Torniamo a parlare di cinema d’essai dopo un lungo silenzio, grazie al contributo speciale dell’amico e cinefilo Henry Spencer e lo facciamo ancora trattando di una pellicola che è riuscita negli anni a mantenere intatta la sua eloquenza. Si tratta del documentario Koyaanisquatsi di Godfrey Reggio del 1982, film di capitale importanza, essenziale per realizzare il desiderio di fermarsi, un viaggio supersonico che fa davvero sudare freddo dopo la cui visione nessuno di noi potrà vedere esattamente le cose come prima, compreso il fatto di non vederle per nulla. Uno sguardo privilegiato dall’alto su tutto ciò che, in nome di una esistenza che ci sta ancora stretta, abbiamo realizzato.
Di seguito la recensione di Henry Spencer e il trailer del film, non aggiungo altro…

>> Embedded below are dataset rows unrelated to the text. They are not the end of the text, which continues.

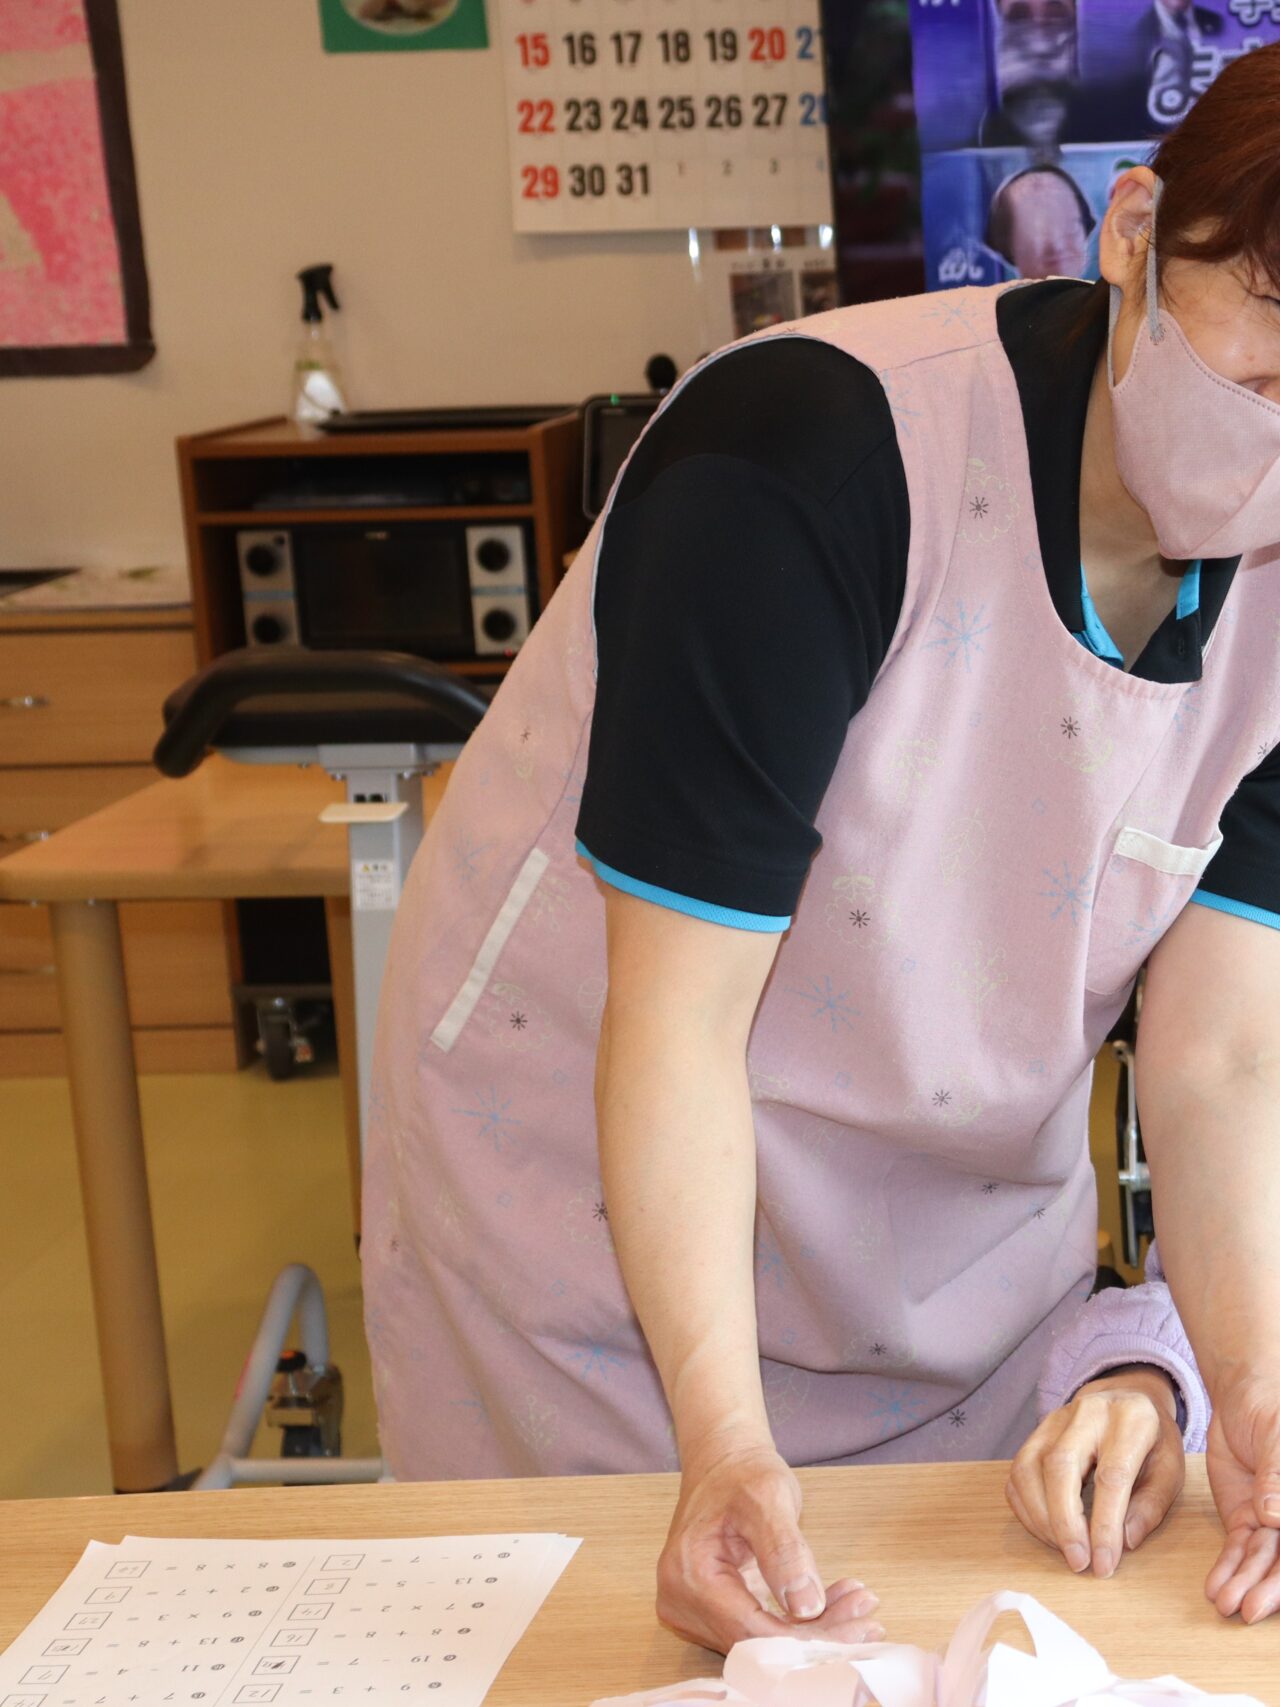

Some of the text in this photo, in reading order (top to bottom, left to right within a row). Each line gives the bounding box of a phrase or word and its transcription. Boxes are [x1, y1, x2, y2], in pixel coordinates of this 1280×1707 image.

[516, 25, 821, 68] 15 16 17 18 19 20 2
[518, 99, 555, 133] 22
[564, 98, 602, 132] 23
[611, 96, 649, 131] 24
[658, 95, 695, 130] 25
[705, 94, 742, 128] 26
[752, 93, 789, 127] 27
[521, 165, 560, 199] 29
[568, 164, 606, 198] 30
[616, 163, 649, 197] 31

Koyaanisquatsi, voluto dal mecenatismo indipendentista di Francis Ford Coppola,
è il primo film di una trilogia sulla perdita dell’equilibrio, sulla trasformazione del pianeta, sulla sua frenesia e che prende le mosse dal linguaggio della tribù di pellerossa Hopi, ancora esistente in una piccola riserva nordamericana, che assegna già nel titolo le intenzioni di questo film di culto assoluto: la vita fuori controllo.

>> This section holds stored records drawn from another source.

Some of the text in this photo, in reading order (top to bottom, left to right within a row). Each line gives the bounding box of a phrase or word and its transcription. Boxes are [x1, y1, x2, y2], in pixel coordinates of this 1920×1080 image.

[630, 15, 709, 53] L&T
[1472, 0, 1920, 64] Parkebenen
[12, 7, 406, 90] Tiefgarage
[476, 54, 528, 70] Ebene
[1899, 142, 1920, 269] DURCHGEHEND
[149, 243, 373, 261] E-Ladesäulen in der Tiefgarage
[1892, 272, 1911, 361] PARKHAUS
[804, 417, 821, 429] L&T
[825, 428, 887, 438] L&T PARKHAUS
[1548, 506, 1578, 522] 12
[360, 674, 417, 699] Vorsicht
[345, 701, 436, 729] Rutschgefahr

Cos’è ancora questo gioiello ipnotico a distanza di 30 anni? Un montaggio di deserti,di vallate completamente prive della presenza umana,di cieli infiniti, di onde invalicabili che letteralmente diventano grattacieli le cui finestre si illuminano al suono dell’indimenticabile colonna sonora del vate della musica elettro-mistica minimalista che è Philip Glass,di folle oceaniche, di esplosioni atomiche, di traffici metropolitani filmati a velocità decuplicate ed a normalizzazioni improvvise, di raffinerie, di sguardi vuoti, restituendo in questa sovrapposizione un significato come voleva il montaggio analogico dei cineasti russi.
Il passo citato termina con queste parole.